Still, you feel the weather more on a boat. Lines chafe, we rock around, we open and close the boat’s hatches with each rainstorm. And most mysteriously, we watch the sea change.
It’s hard to notice it from the surface. For all intents and purposes, it stays the same mesmerising azure. Underneath tells more nuanced tales. There are rhythms of change which we only get hints of.
The big stuff, like coral bleaching, is more obvious. Particularly this year, where Bonaire’s Marine National Park, Stinapa, have just published their findings. 61% of coral cover within the marine park was bleached in 2020’s hurricane season. Hurricane season being when sea temperatures got really high. 61%! It was shocking to read, but not surprising. We saw it. Much of the reef went as white as hospital sheets.
Much of it is thankfully back to its normal colour. Not all of it – but enough that you don’t go down and reach for sunglasses. This in itself is amazing, suggesting it’s part of the reef’s natural cycle. Corals can bleach, lose their internal algae, yet if they get it back in a certain amount of time, they don’t die.
Where do the algae, the zooxanthellae go in the meantime? Do the wait outside the doors of the coral waiting to be let back in? Do they float around in the water column? Are they carried in the beaks of parrotfish, whose coral chewing habit can help to repopulate them back behind the coral’s castle walls, back within living tissue?
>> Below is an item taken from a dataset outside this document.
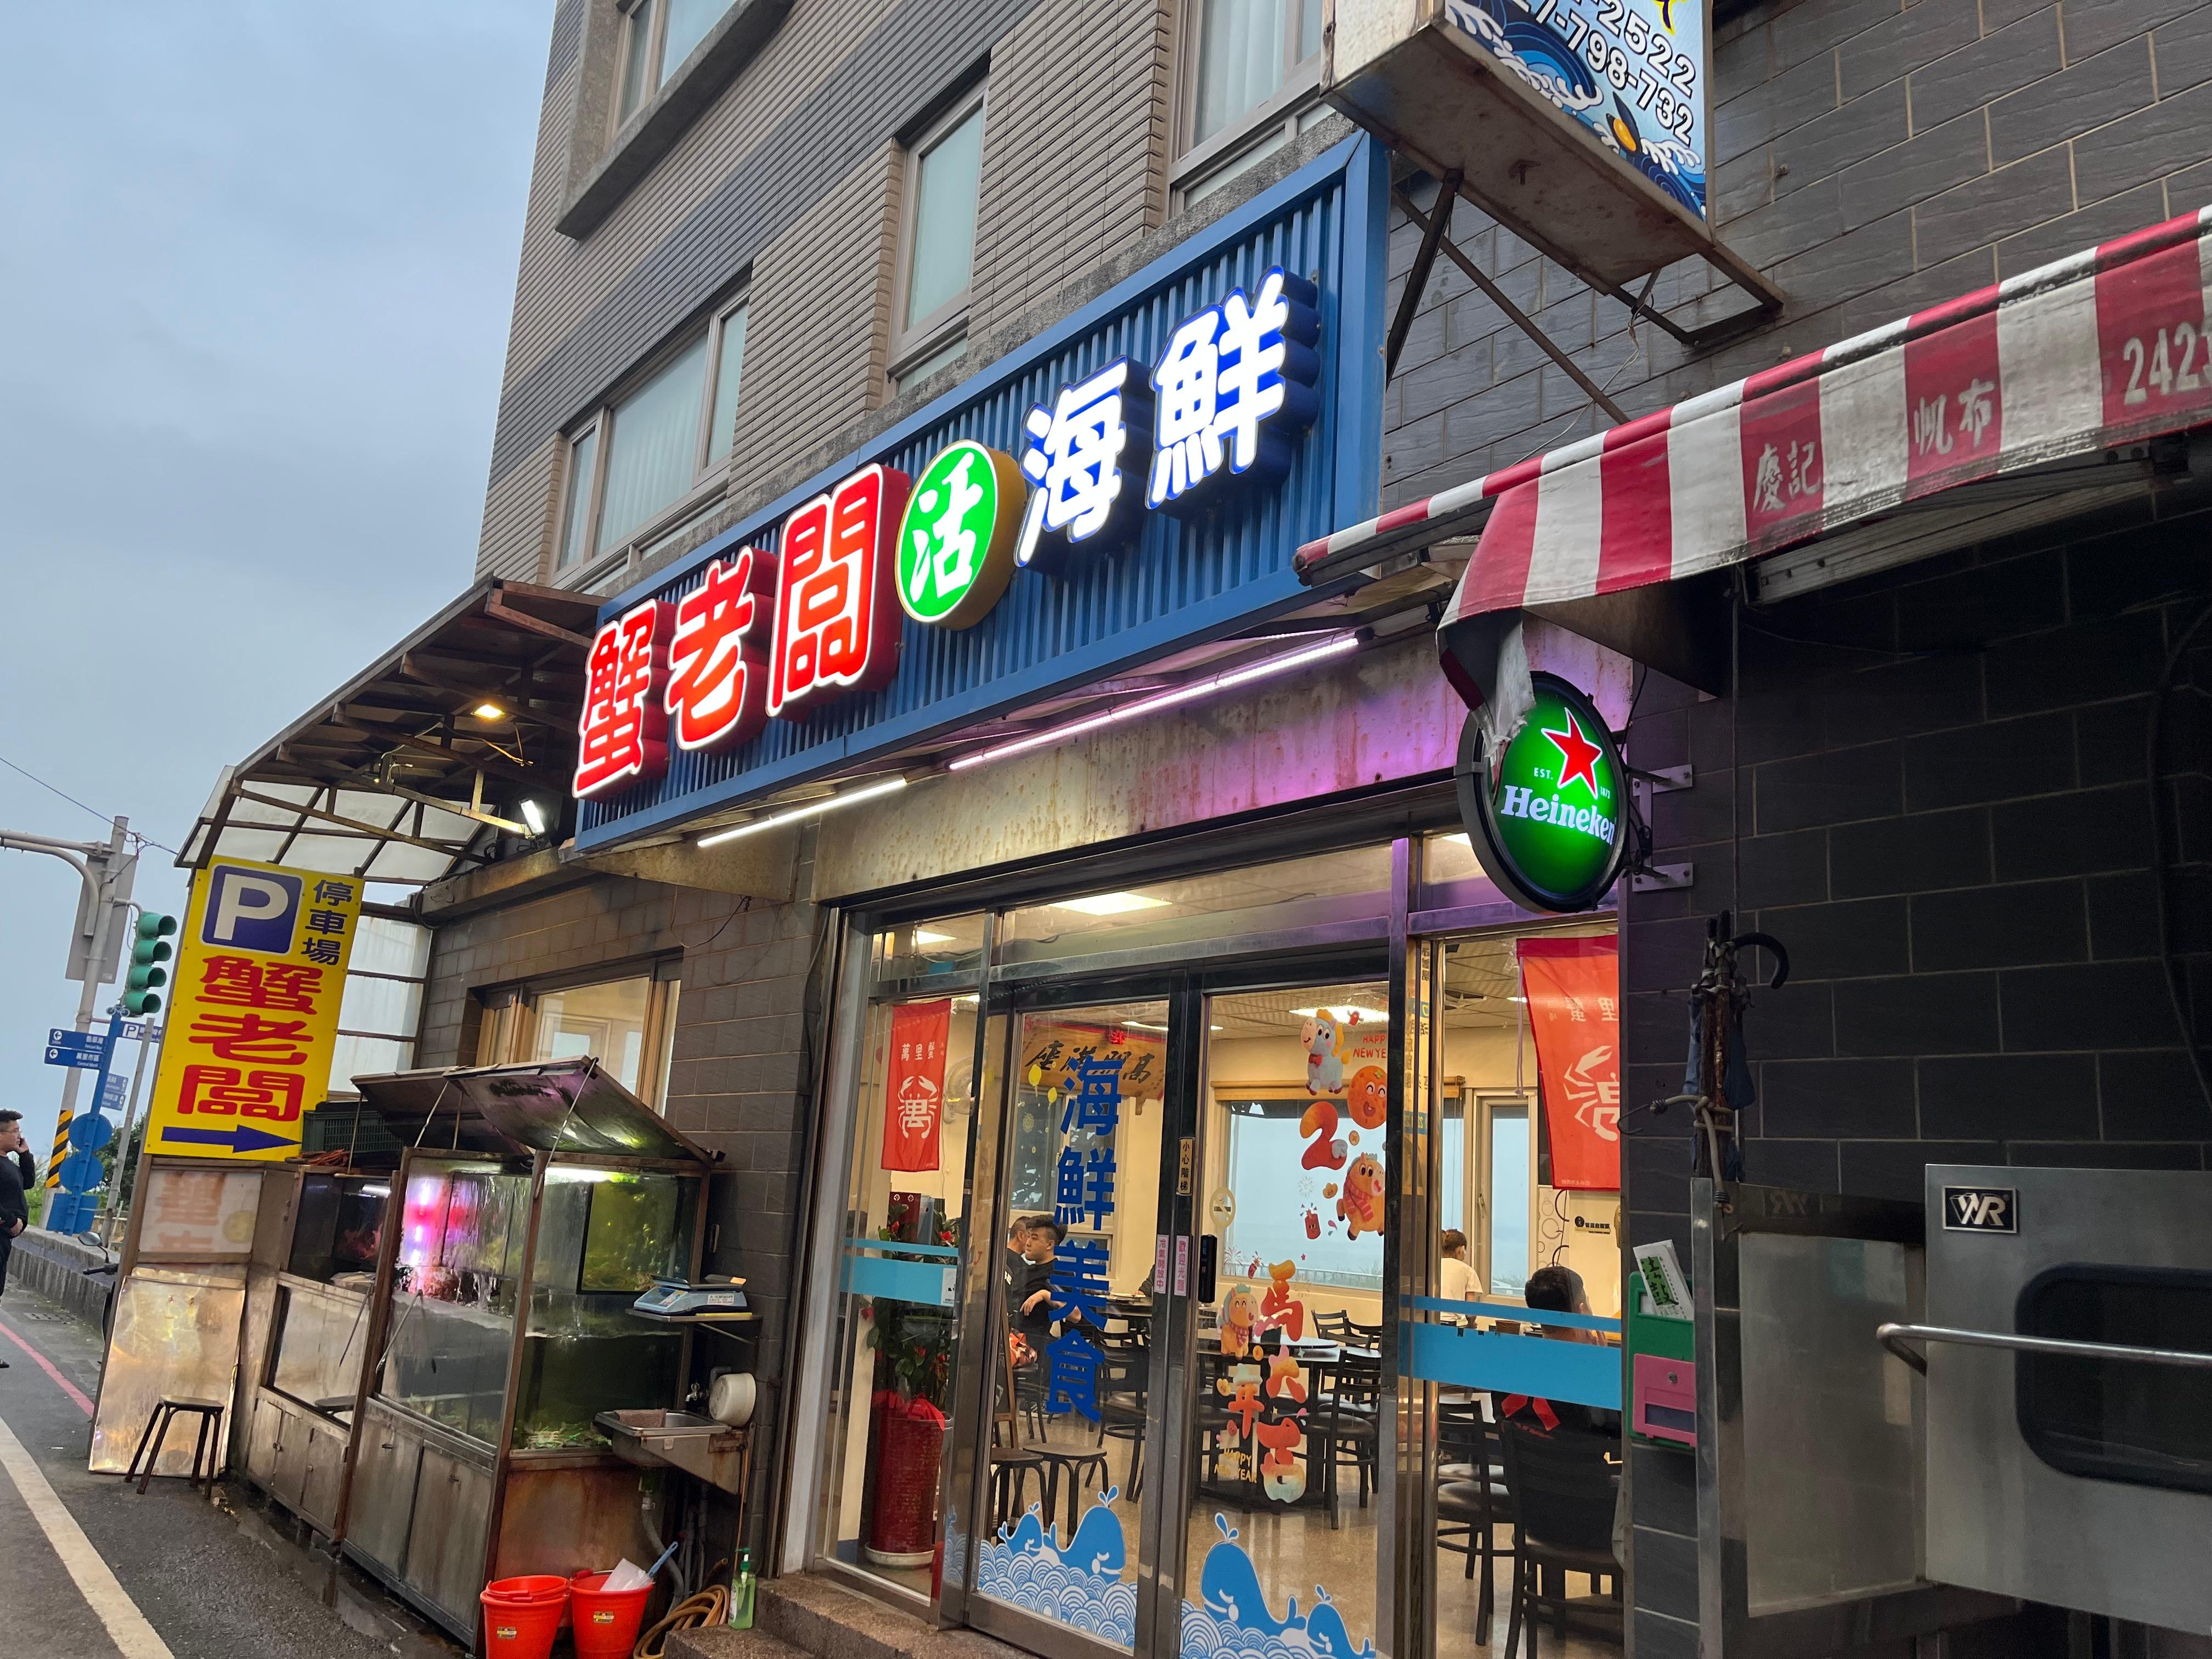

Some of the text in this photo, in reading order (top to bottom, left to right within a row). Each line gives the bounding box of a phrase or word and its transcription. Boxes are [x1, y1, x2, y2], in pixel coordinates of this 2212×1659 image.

I don’t know. As far as I’m aware, no one does. It remains a mystery. We just know in large bleaching events, some corals recover and some don’t – if temperatures go back down. The sea doesn’t tell us any more.
We went swimming the other day, Lu and I. We saw a large jellyfish – the first time we’ve seen such a large one on this side of the Atlantic. Indeed, it was the same jellyfish we get at home, the moon jellyfish. It was easy to identify, Aurelia aurita, because of the four moon-shaped rings in the middle of its bell. We get heaps wash up on Borth beach in the summer. Never seen one here, thousands of miles away. Just floating under Questie like it had come to remind us of home. We booped it on the nose.